Had myself a little denial of service today. Ran a Nessus scan for the first time on our main Splunk indexer/web interface. The scan caused Splunkweb to shut down...
2010-05-13 15:52:16,301 ERROR [4be85e4ab8125c290] root:120 - ENGINE: Error in HTTP server: shutting down Traceback (most recent call last): File "/splunk/app/splunk/lib/python2.6/site-packages/cherrypy/process/servers.py", line 73, in _start_http_thread File "/splunk/app/splunk/lib/python2.6/site-packages/cherrypy/wsgiserver/__init__.py", line 1662, in start self.tick() File "/splunk/app/splunk/lib/python2.6/site-packages/cherrypy/wsgiserver/__init__.py", line 1717, in ticks, addr = self.socket.accept() File "/splunk/app/splunk/lib/python2.6/ssl.py", line 317, in accept newsock, addr = socket.accept(self) File "/splunk/app/splunk/lib/python2.6/socket.py", line 195, in accept error: [Errno 24] Too many open files
Something I should tune with Nessus to scale back the requests?

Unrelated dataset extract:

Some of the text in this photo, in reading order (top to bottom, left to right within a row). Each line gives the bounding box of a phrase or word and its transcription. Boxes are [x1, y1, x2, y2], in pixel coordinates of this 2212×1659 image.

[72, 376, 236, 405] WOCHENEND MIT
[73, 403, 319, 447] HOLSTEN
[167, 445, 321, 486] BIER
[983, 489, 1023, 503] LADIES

I run nessus daily on the splunk server without any issues. Perhaps you have a very aggressive profile? Can you share that?

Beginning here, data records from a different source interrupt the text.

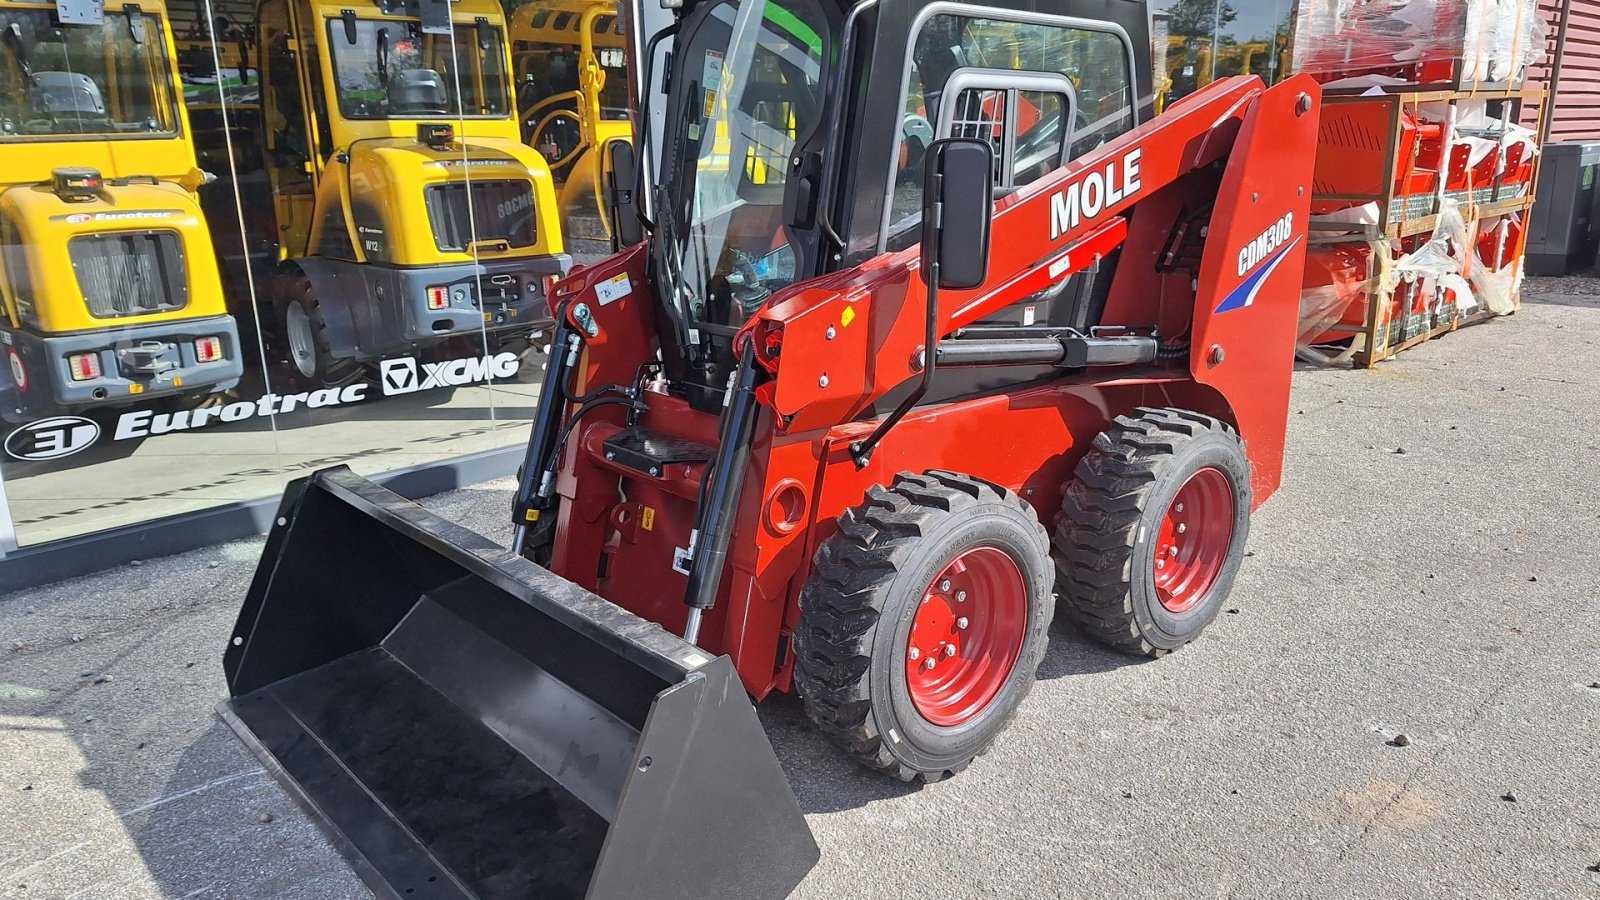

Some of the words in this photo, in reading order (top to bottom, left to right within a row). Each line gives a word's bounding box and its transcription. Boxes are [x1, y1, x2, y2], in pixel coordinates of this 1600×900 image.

[95, 211, 172, 221] Eurotrac
[1050, 146, 1141, 240] MOLE
[1237, 210, 1293, 277] CDM308
[418, 352, 519, 390] XCMG
[114, 383, 368, 441] Eurotrac

My scan was really nothing special- one that I've run on dozens of other servers. Safe checks, moderate simultaneous threads, etc. I'm going to give it another go later today to see what happens.

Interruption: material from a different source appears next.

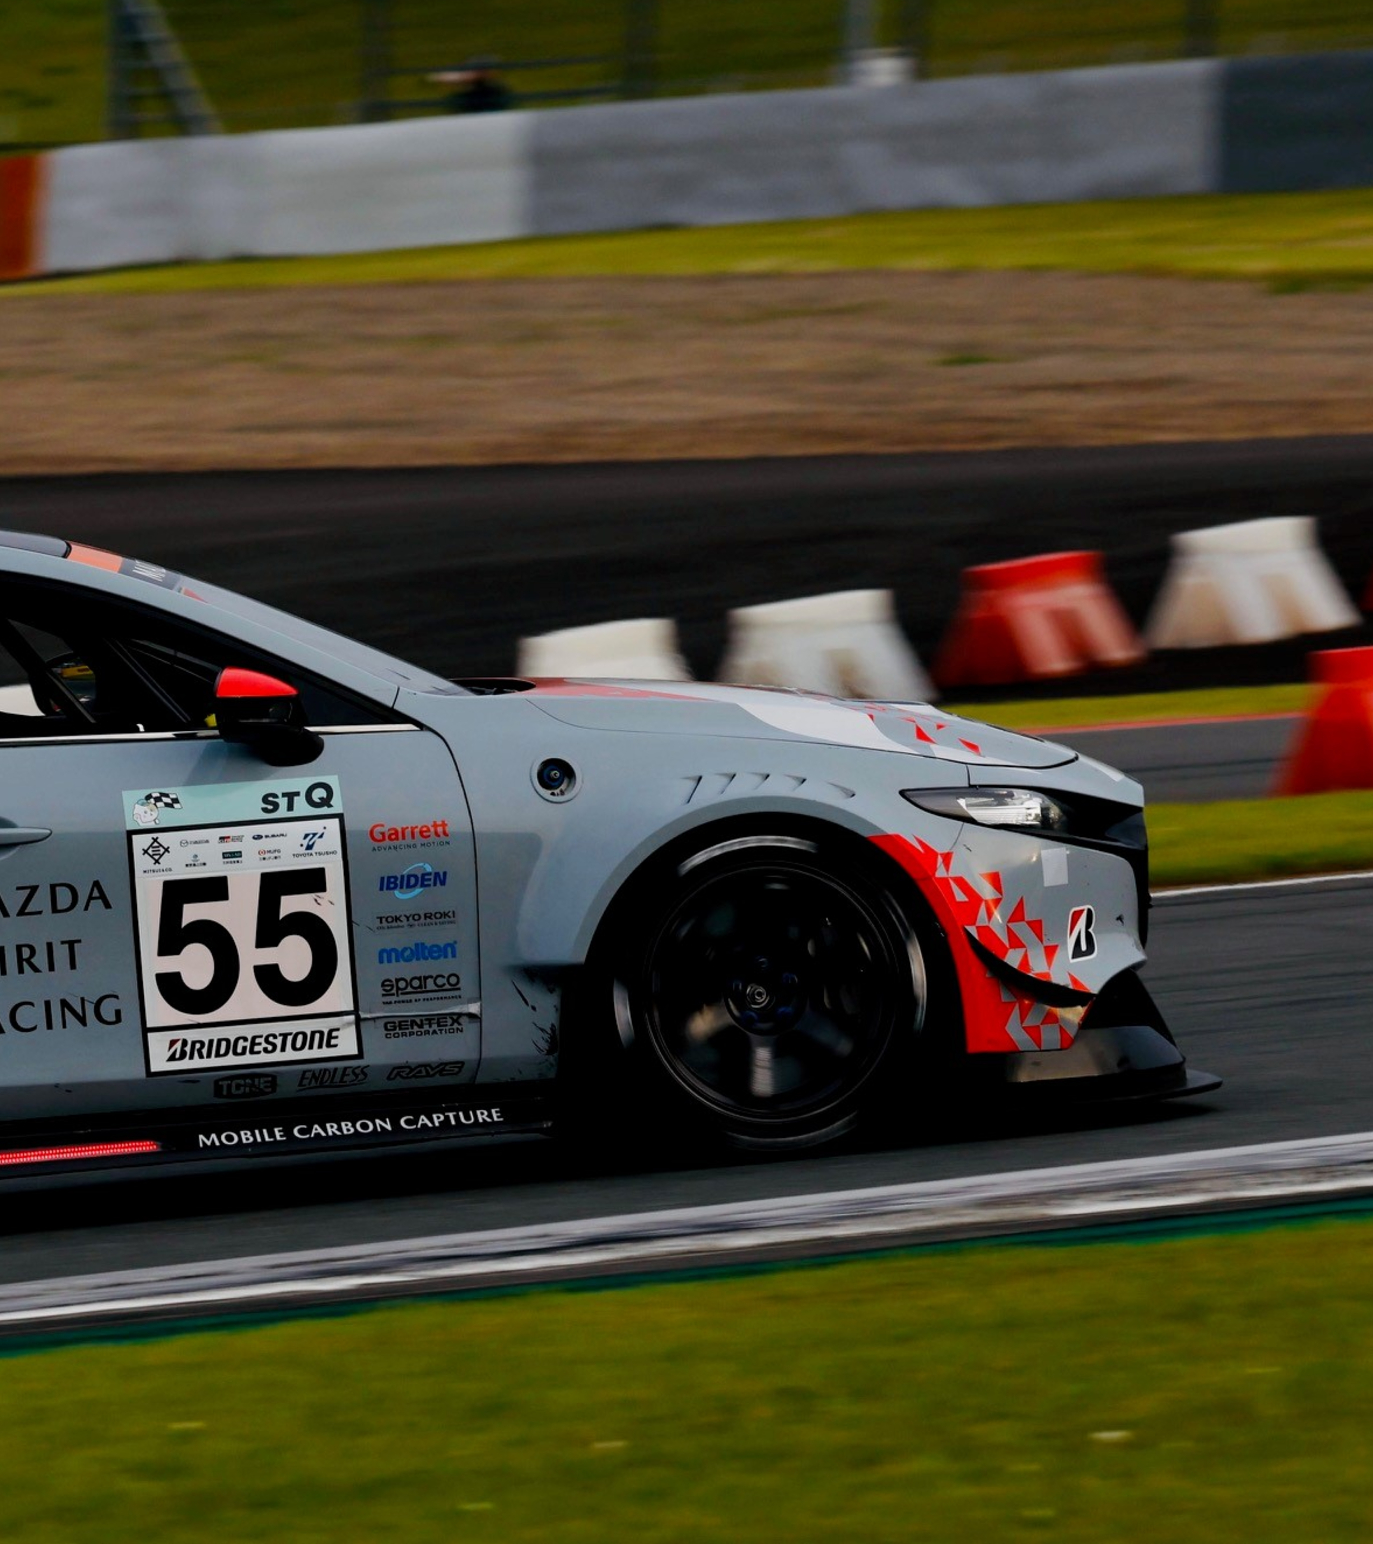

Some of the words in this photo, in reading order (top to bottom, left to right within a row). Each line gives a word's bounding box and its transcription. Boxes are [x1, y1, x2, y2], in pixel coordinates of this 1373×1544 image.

Yeah, looks like it may be a Solaris x64 issue. I have a Splunk engineer researching for me (my Solaris-fu is not strong).
Solaris has an nofiles ulimit of 256 by default. Other unixes have larger defaults.
There's a variety of possible responses we could have to this sort of thing:
Does this cure seem better than the poison? It introduces new problems.
It looks like this may have been fixed in 4.1.4. Have you tried it?